Zinke calls for end to Glacier’s reservation system
Park rangers speak to visitors at the West Glacier entrance to Glacier National Park on Friday, June 12, 2020. (Casey Kreider/Daily Inter Lake)
Hungry Horse News | March 3, 2023 12:00 AM
Montana Congressman Ryan Zinke has concerns about Glacier National Park’s reservation system, claiming it locks out locals. Instead of ticketed entry, the Republican is suggesting investment in a more robust shuttle system that accesses the entire park.
“Attention locals, the federal government is announcing when you can try — and likely fail — to get permission to access your public lands. The reservation system has to go,” Zinke tweeted recently.
In an interview with the Hungry Horse News on Wednesday, Zinke expanded on his concerns, claiming that a person competes with 330 million other Americans for a chance to secure a vehicle reservation to enter Glacier Park.
“They don’t stand a chance, statistically,” he said, adding the reservation system “primarily puts a burden on locals, who no longer have access to the park.”
Park officials initiated the reservation system for the 2021 summer season. This summer, a vehicle reservation is required to access Going-to-the-Sun Road, the North Fork entrance, Two Medicine and Many Glacier valley. About half of the reservations for July were made available online March 1 and quickly sold out.
On March 1, Zinke posted a screenshot on Twitter of his failed attempt to reserve a ticket.
“The entire reservation system is a deliberate strategy to keep the public out of parks and this website is a total scam,” he tweeted, about an hour after reservations opened.
According to Glacier’s Public Affairs Assistant Brandy Burke, the available vehicle reservations for July for Going-to-the-Sun Road were distributed within 30 minutes after they became available at 8 a.m. on March 1. Vehicle reservations for all other areas were distributed within 10 minutes of posting.
Burke noted that approximately 53% of advance May and June reservations and 33% of July reservations were obtained by Montanans, making Montana the state with the highest percentage of reservations booked for both releases.
In speaking with the Hungry Horse News, Zinke said he did appreciate that the park eased back the reservation window this summer, allowing people to access the park without a ticket before 6 a.m. and after 3 p.m. Montana has long days during the summer months, when it can stay light until after 10 p.m. in June and early July.
Still, he said he’d rather see Glacier do away with the reservation system entirely and go to a system of shuttles parkwide. He said he envisioned electric shuttles with the ability to open the top so people could enjoy the vistas and fresh air. It would be integrated with the trail system, so that if a trail were at capacity, the bus wouldn’t make a stop there, but would go to another location.
He said such a system could be constructed with “off the shelf” technology, though it would require an investment by the Park Service and the federal government.
Zinke added that outside the park, the Forest Service could do a better job with its trails, noting that currently many of the trails on Forest Service lands don’t align with trails in Glacier.
The Continental Divide Trail, for example, does not align with trails in the park. A hiker has to go up or down U.S. 2 to continue the journey into Glacier.
He also said he’s heard frustration from Glacier National Park employees who say their jobs have been transformed into parking attendants.
Zinke’s ideas are not new — many of them are outlined in detail in Glacier’s Sun Road Corridor Management Plan, a document Zinke worked on when he was Interior secretary under the Trump Administration.
That plan added more parking spaces inside the park, potentially made a portion of the popular Highline Trail a one-way hike, and banned most overnight parking in the Sun Road corridor, save for lots near the lodges.
The plan was initially completed in 2019. But in 2021, under the Biden Administration, a sentence was added that allowed the Park Service to implement a reservation system.
“If implementation of this [the Sun Road plan] is not successful in managing desired conditions in the Sun Road corridor, the NPS may consider a reservation system for the entire corridor,” the revised plan stated.
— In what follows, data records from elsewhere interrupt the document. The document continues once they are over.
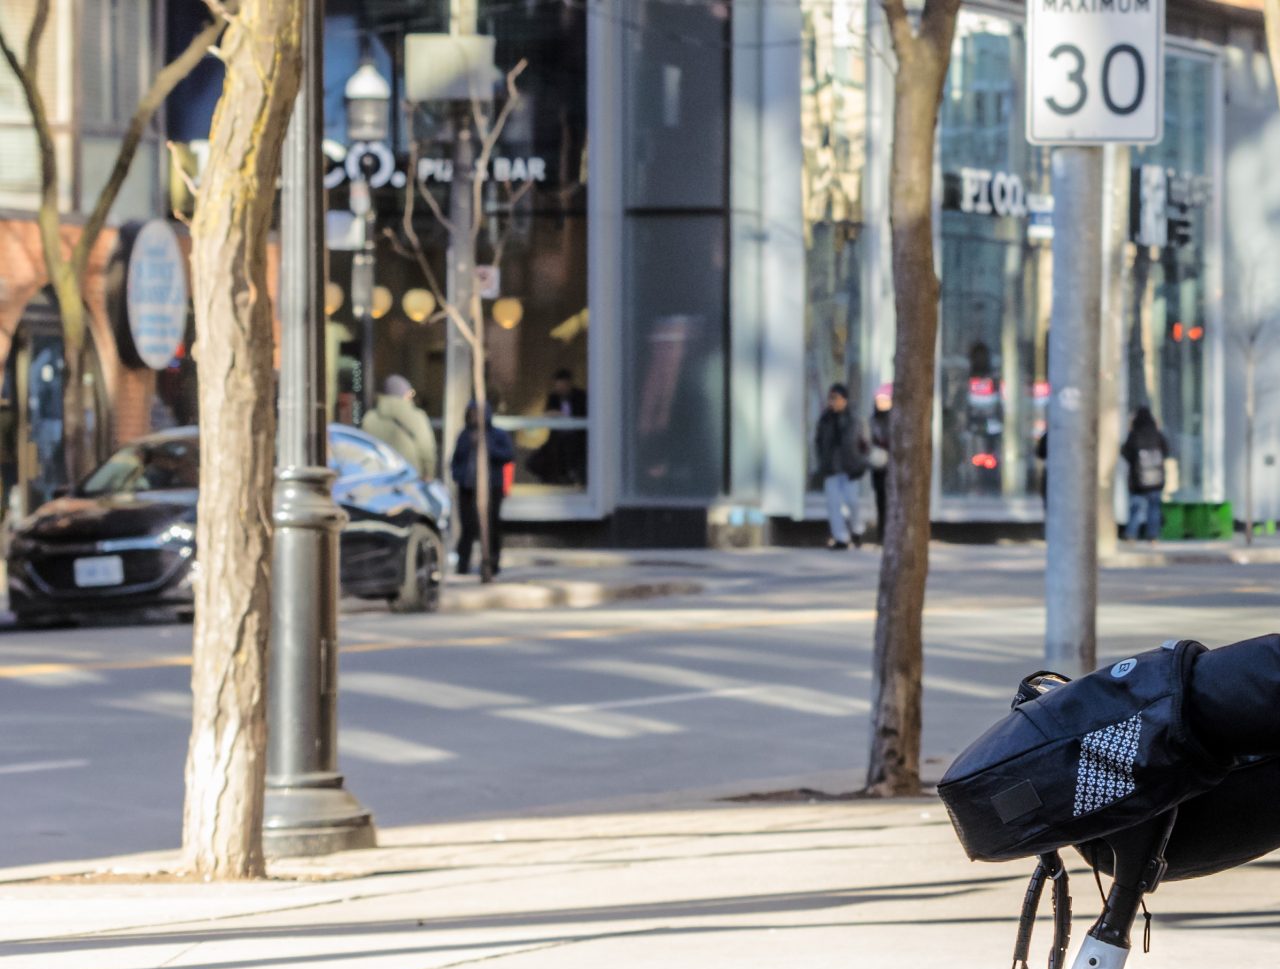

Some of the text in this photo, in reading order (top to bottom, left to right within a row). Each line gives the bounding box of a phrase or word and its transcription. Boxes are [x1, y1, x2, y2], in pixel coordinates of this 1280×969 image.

[1042, 0, 1150, 13] MAXIMUM
[1044, 43, 1145, 117] 30
[493, 157, 546, 182] BAR
[961, 167, 992, 214] PI
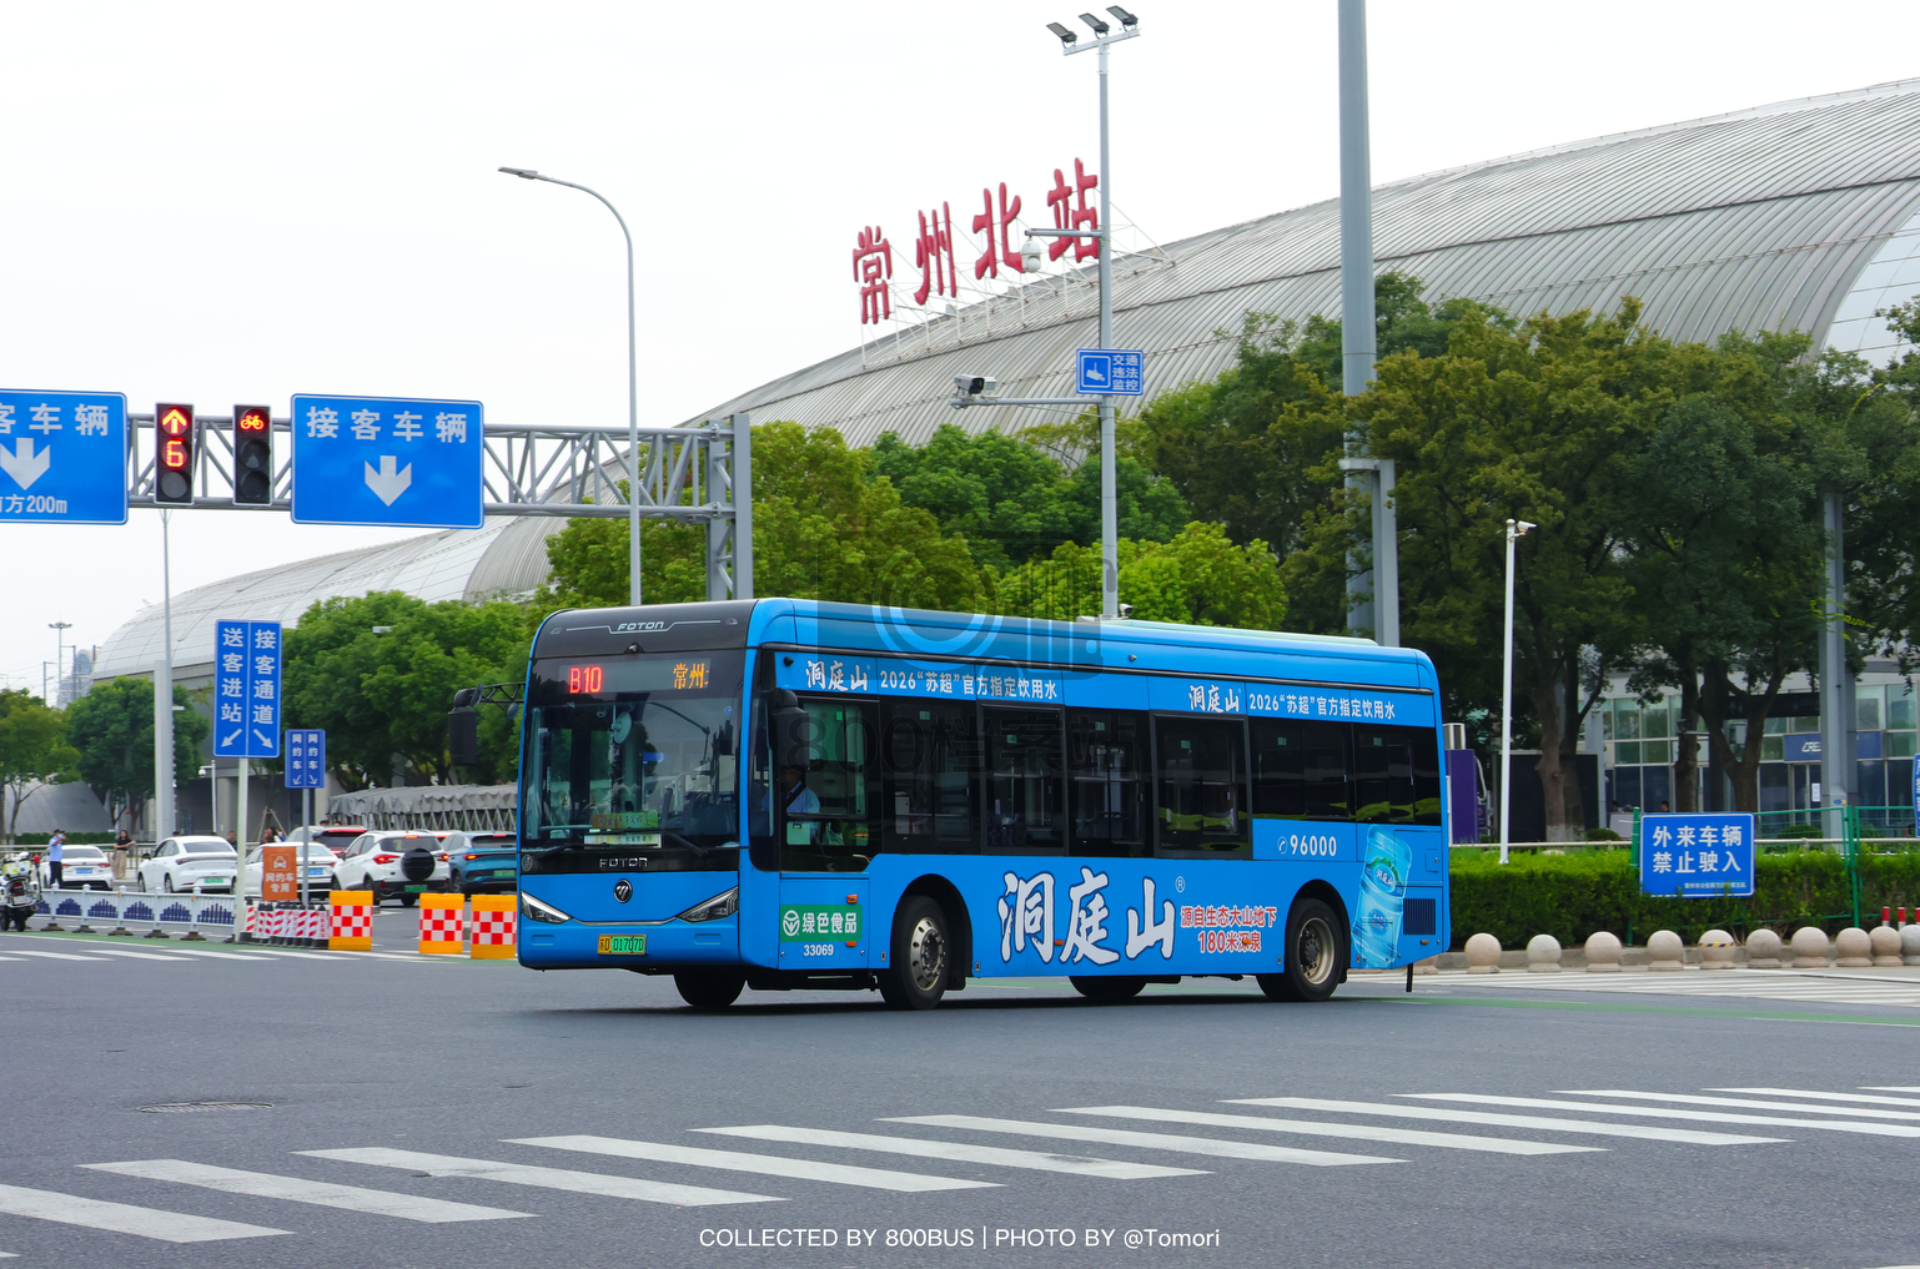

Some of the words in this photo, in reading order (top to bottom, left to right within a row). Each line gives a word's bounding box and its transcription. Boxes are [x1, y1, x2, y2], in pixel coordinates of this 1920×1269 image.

[853, 157, 1098, 324] 常州北站
[1112, 354, 1138, 366] 交通
[306, 406, 468, 444] 接客车辆
[166, 440, 184, 467] 6
[0, 494, 68, 514] 方200m
[617, 621, 665, 632] FOTON
[220, 627, 244, 723] 送客进站
[252, 629, 276, 725] 接客通道
[569, 665, 603, 694] B10
[673, 662, 709, 690] 常州
[806, 659, 868, 692] 洞庭山
[1188, 684, 1240, 713] 洞庭山
[1290, 834, 1337, 857] 96000
[1652, 825, 1742, 847] 外来车辆
[599, 857, 648, 868] FOTON
[1652, 851, 1742, 874] 禁止驶入
[802, 912, 858, 933] 绿色食品
[998, 865, 1176, 966] 洞庭山
[1180, 905, 1278, 928] 源自生态大山地下
[803, 944, 835, 956] 33069
[1198, 930, 1262, 953] 180米深泉
Glacier, in turn, implemented a Sun Road reservation system in 2021, then expanded it to the North Fork in 2022 and this year expanded to all the major entrances of the park, requiring a reservation to enter from 6 a.m. to 3 p.m.
Glacier spokesperson Burke said park officials will continue to tweak the reservation system, and argued that it is helping to alleviate crowding during peak hours.
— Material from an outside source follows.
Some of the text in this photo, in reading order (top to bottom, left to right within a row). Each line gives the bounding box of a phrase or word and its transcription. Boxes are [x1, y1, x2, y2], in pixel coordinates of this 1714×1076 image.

“The park welcomes all to visit,” Burke said. “The past two years of the pilot program have been successful in spreading visitation throughout the day during peak hours on Going-to-the-Sun Road so that there are fewer closures, better traffic management, and a more enjoyable park experience.”
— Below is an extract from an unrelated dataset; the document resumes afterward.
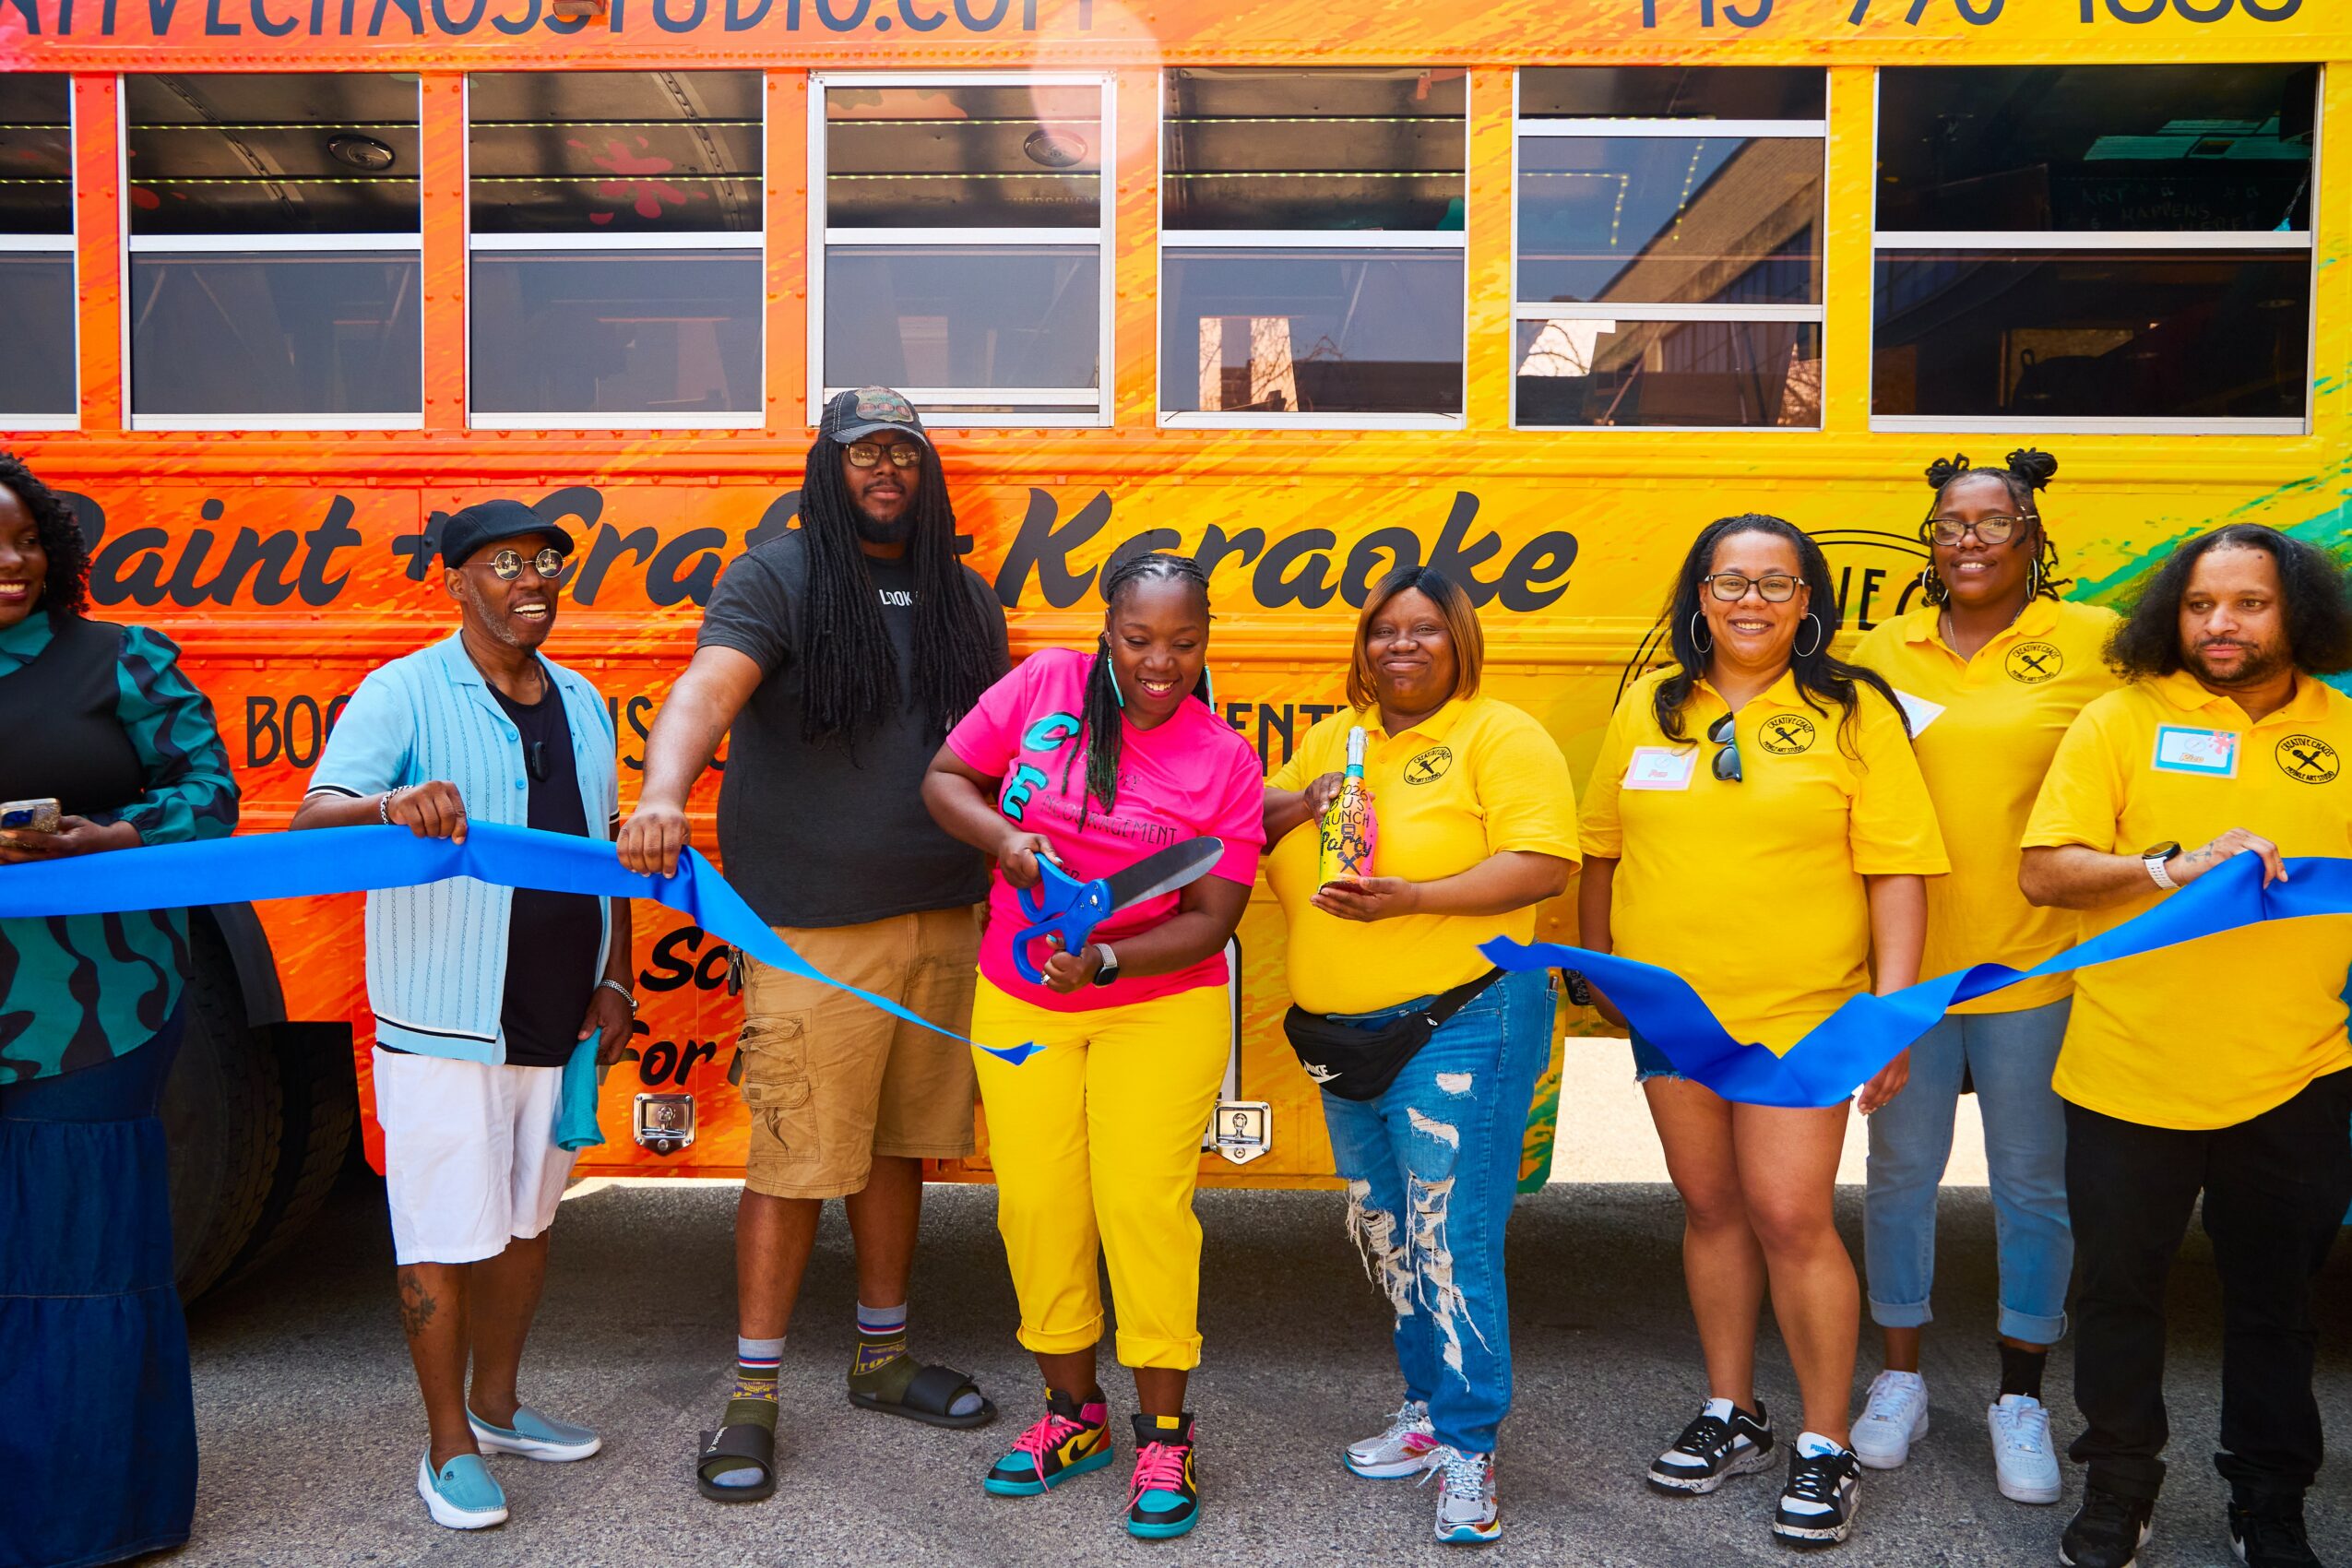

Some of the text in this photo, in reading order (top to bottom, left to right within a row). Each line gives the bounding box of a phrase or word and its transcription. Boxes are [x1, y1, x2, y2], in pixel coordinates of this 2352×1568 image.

With advance reservations for July sold out, people will now have to wait until the day before they plan to visit, as the Park Service will release the remaining reservations then at Recreation.gov.
The next advanced reservations for August will be released online April 1.
People can also get into Glacier without a reservation by walking or biking or if they have a reservation to a campground, lodge, restaurant or a trip, like a horseback ride or a boat ride.
People still need an entrance pass as well, reservation or not.
Tribal members with appropriate identification also do not need reservations.